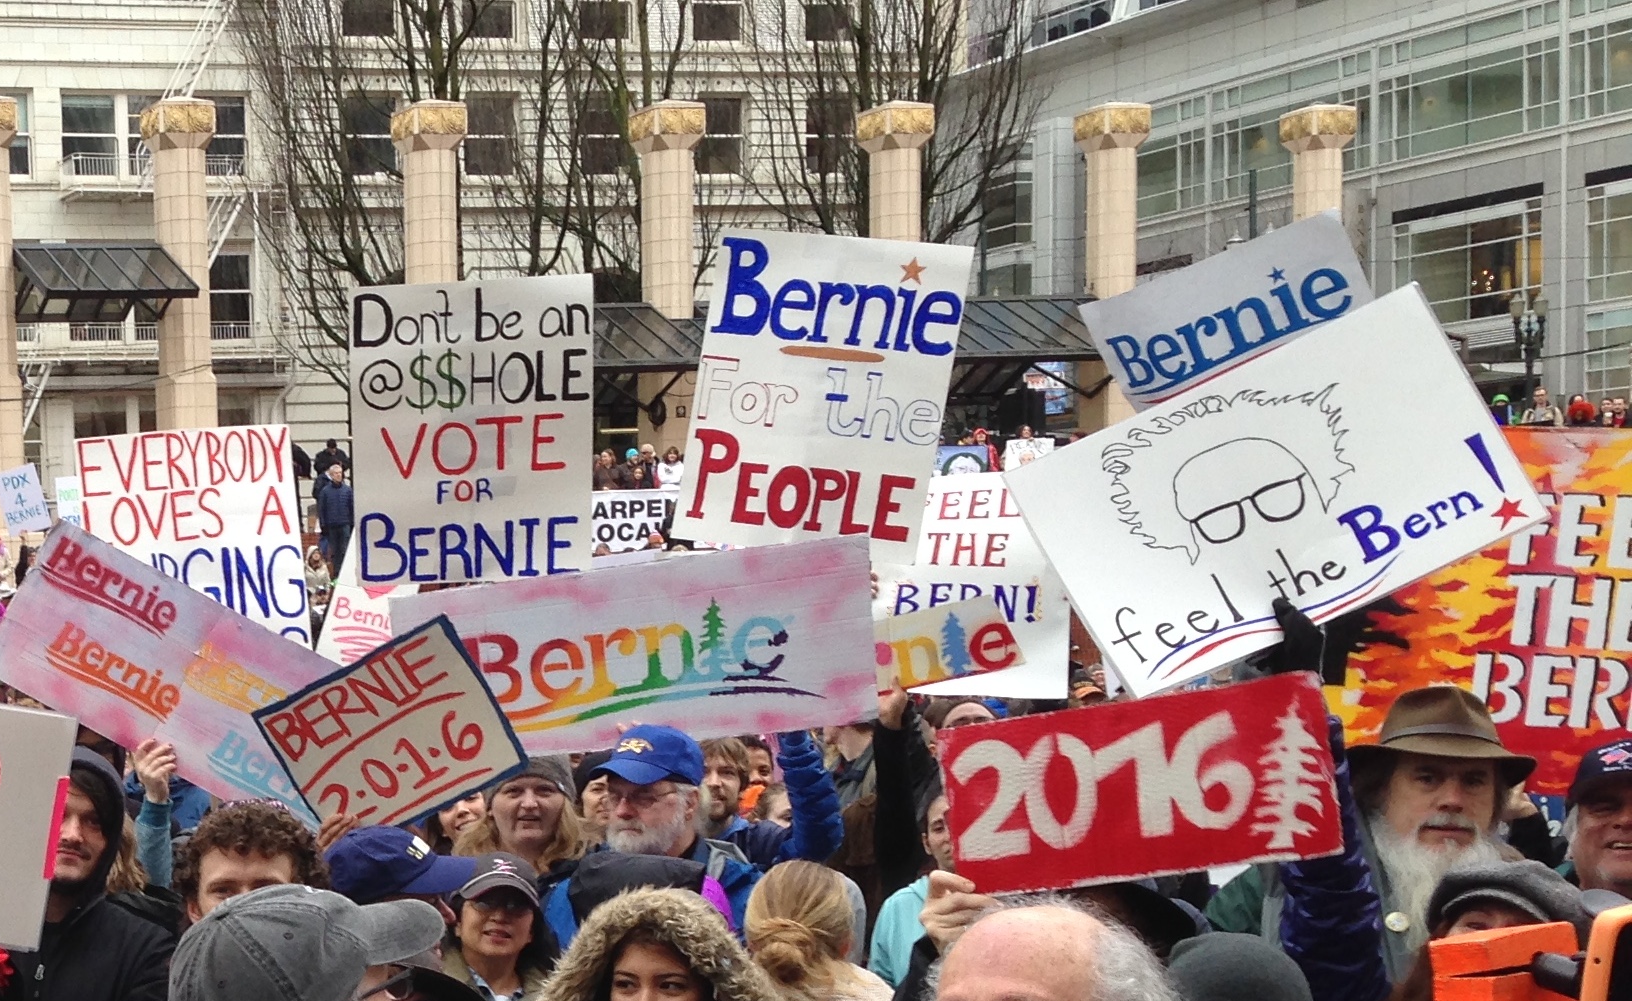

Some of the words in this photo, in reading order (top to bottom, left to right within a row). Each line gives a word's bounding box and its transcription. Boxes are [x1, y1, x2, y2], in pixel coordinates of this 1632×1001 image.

[475, 287, 523, 342] be
[539, 303, 591, 337] an
[710, 236, 964, 356] Bernie
[1106, 266, 1353, 389] Bernie
[359, 348, 591, 414] @$$HOLE
[697, 354, 799, 428] For
[824, 366, 941, 446] the
[2, 473, 30, 491] PDX
[77, 426, 287, 497] EVERYBODY
[381, 413, 566, 480] VOTE
[686, 428, 916, 543] PEOPLE
[15, 493, 27, 508] 4
[82, 487, 224, 545] LOVES
[256, 486, 291, 535] A
[436, 478, 493, 505] FOR
[45, 536, 178, 630] Bernie
[360, 512, 579, 582] BERNIE
[927, 532, 1009, 567] THE
[1111, 573, 1244, 663] feel
[1267, 547, 1347, 602] the
[49, 621, 181, 715] Bernie
[462, 602, 792, 705] Bernie
[264, 634, 449, 762] BERNIE
[947, 709, 1258, 864] 2016
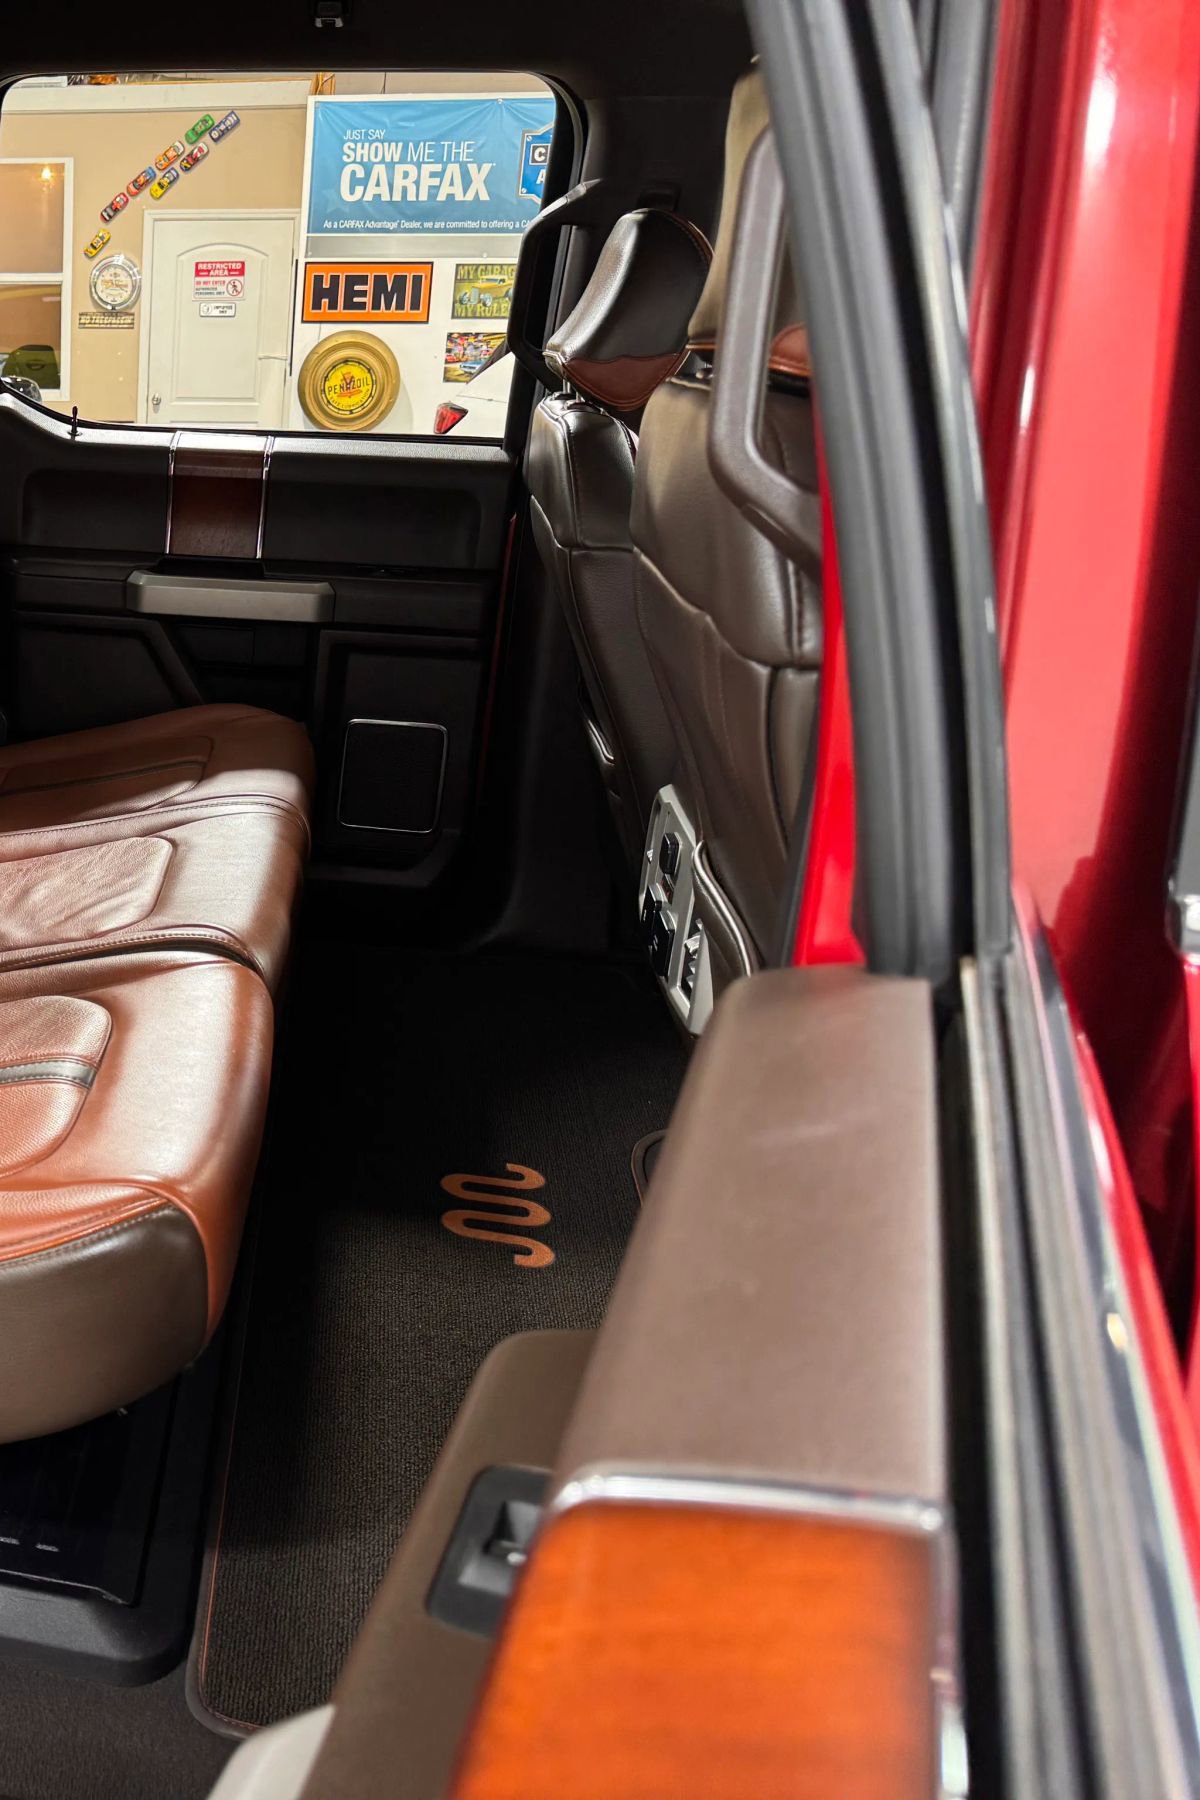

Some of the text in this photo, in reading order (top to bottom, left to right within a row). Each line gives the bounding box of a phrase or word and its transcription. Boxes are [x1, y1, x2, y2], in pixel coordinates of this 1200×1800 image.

[343, 128, 386, 140] JUST SAY
[342, 141, 476, 163] SHOW ME THE
[340, 163, 493, 201] CARFAX
[323, 220, 333, 229] As
[333, 221, 338, 229] a
[339, 220, 364, 229] CARFAX
[401, 220, 422, 229] Dealer,
[423, 221, 434, 229] we
[434, 221, 445, 229] are
[446, 219, 480, 229] committed
[481, 220, 488, 229] to
[488, 219, 513, 230] offering
[198, 262, 242, 270] RESTRICTED
[457, 265, 517, 280] MY GARAG
[310, 272, 425, 313] HEMI
[455, 303, 510, 317] MY RULE
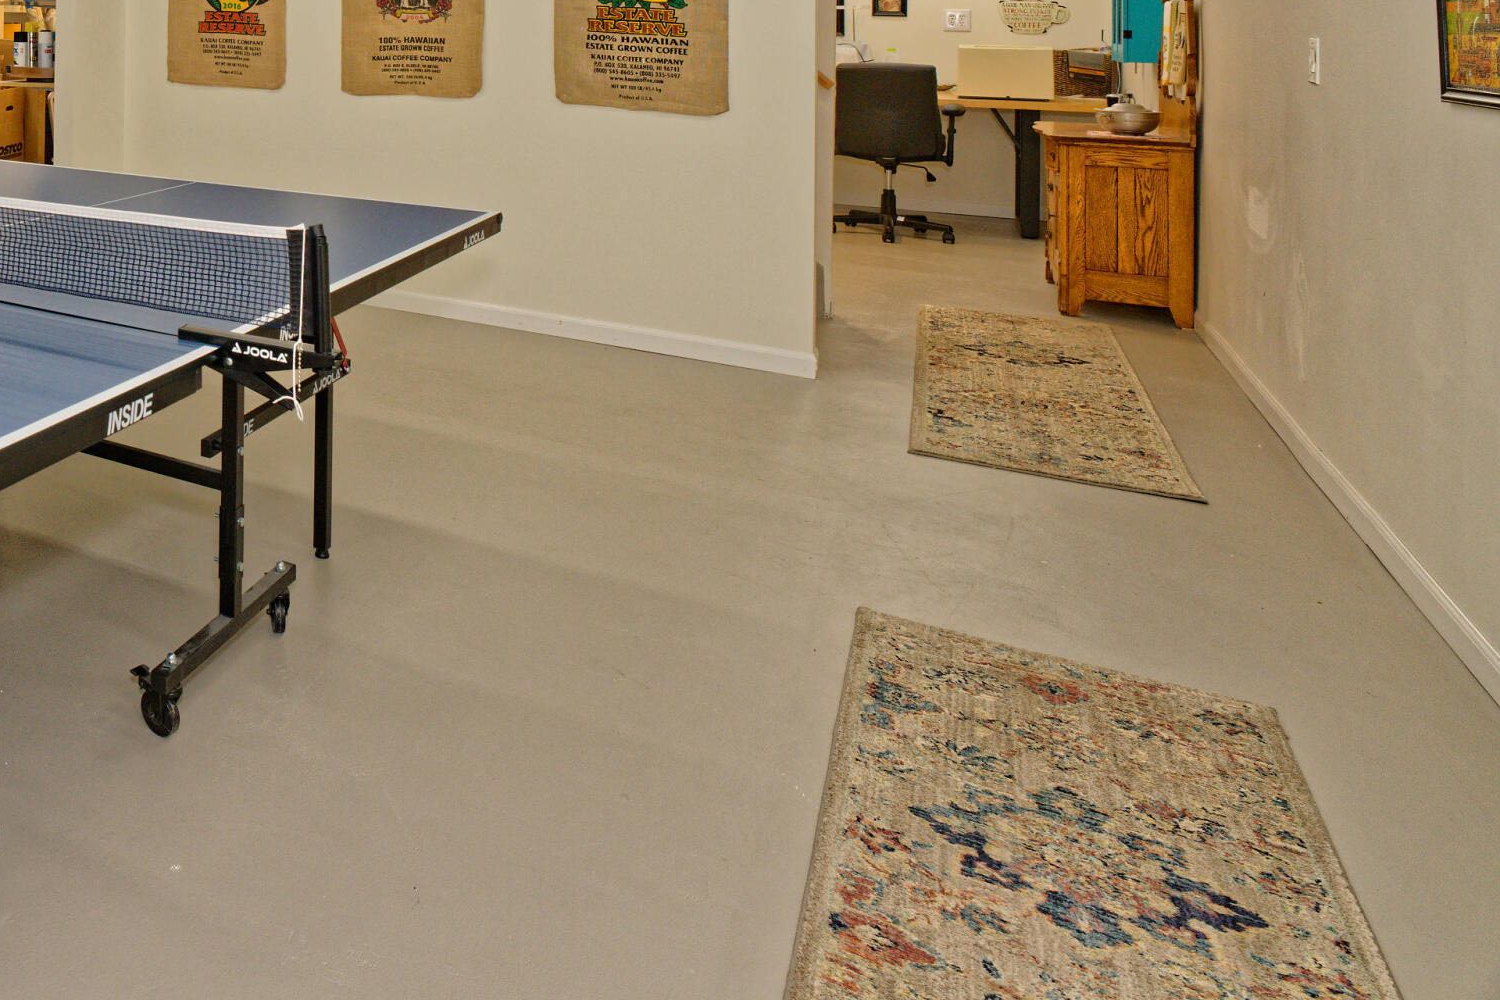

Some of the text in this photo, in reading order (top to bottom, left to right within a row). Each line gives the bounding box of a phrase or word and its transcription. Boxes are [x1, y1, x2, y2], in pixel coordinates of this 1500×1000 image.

[222, 2, 242, 10] 2016
[204, 10, 260, 23] ESTATE
[596, 5, 678, 23] ESTATE
[198, 21, 267, 36] RESERVE
[587, 18, 688, 38] RESERVE
[379, 36, 446, 45] 100% HAWAIIAN
[586, 34, 689, 47] 100% HAWAIIAN
[379, 44, 399, 52] ESTATE
[585, 42, 688, 55] ESTATE GROWN COFFEE
[419, 55, 453, 63] COMPANY
[645, 57, 684, 66] COMPANY
[242, 345, 288, 364] JOOLA
[319, 367, 342, 391] JOOLA
[106, 392, 154, 436] INSIDE
****************
■ WORK TASK
The lines from the one holding "this 1200×1800 image." through the end of the entries are to be transcribed exactly, both ends included, with the pictures left out.

■ ANSWER TO THIS PROBLEM
Some of the text in this photo, in reading order (top to bottom, left to right within a row). Each line gives the bounding box of a phrase or word and its transcription. Boxes are [x1, y1, x2, y2], in pixel coordinates of this 1200×1800 image.

[343, 128, 386, 140] JUST SAY
[342, 141, 476, 163] SHOW ME THE
[340, 163, 493, 201] CARFAX
[323, 220, 333, 229] As
[333, 221, 338, 229] a
[339, 220, 364, 229] CARFAX
[401, 220, 422, 229] Dealer,
[423, 221, 434, 229] we
[434, 221, 445, 229] are
[446, 219, 480, 229] committed
[481, 220, 488, 229] to
[488, 219, 513, 230] offering
[198, 262, 242, 270] RESTRICTED
[457, 265, 517, 280] MY GARAG
[310, 272, 425, 313] HEMI
[455, 303, 510, 317] MY RULE

Some of the text in this photo, in reading order (top to bottom, left to right within a row). Each line gives the bounding box of a phrase or word and its transcription. Boxes are [x1, y1, x2, y2], in pixel coordinates of this 1500×1000 image.

[222, 2, 242, 10] 2016
[204, 10, 260, 23] ESTATE
[596, 5, 678, 23] ESTATE
[198, 21, 267, 36] RESERVE
[587, 18, 688, 38] RESERVE
[379, 36, 446, 45] 100% HAWAIIAN
[586, 34, 689, 47] 100% HAWAIIAN
[379, 44, 399, 52] ESTATE
[585, 42, 688, 55] ESTATE GROWN COFFEE
[419, 55, 453, 63] COMPANY
[645, 57, 684, 66] COMPANY
[242, 345, 288, 364] JOOLA
[319, 367, 342, 391] JOOLA
[106, 392, 154, 436] INSIDE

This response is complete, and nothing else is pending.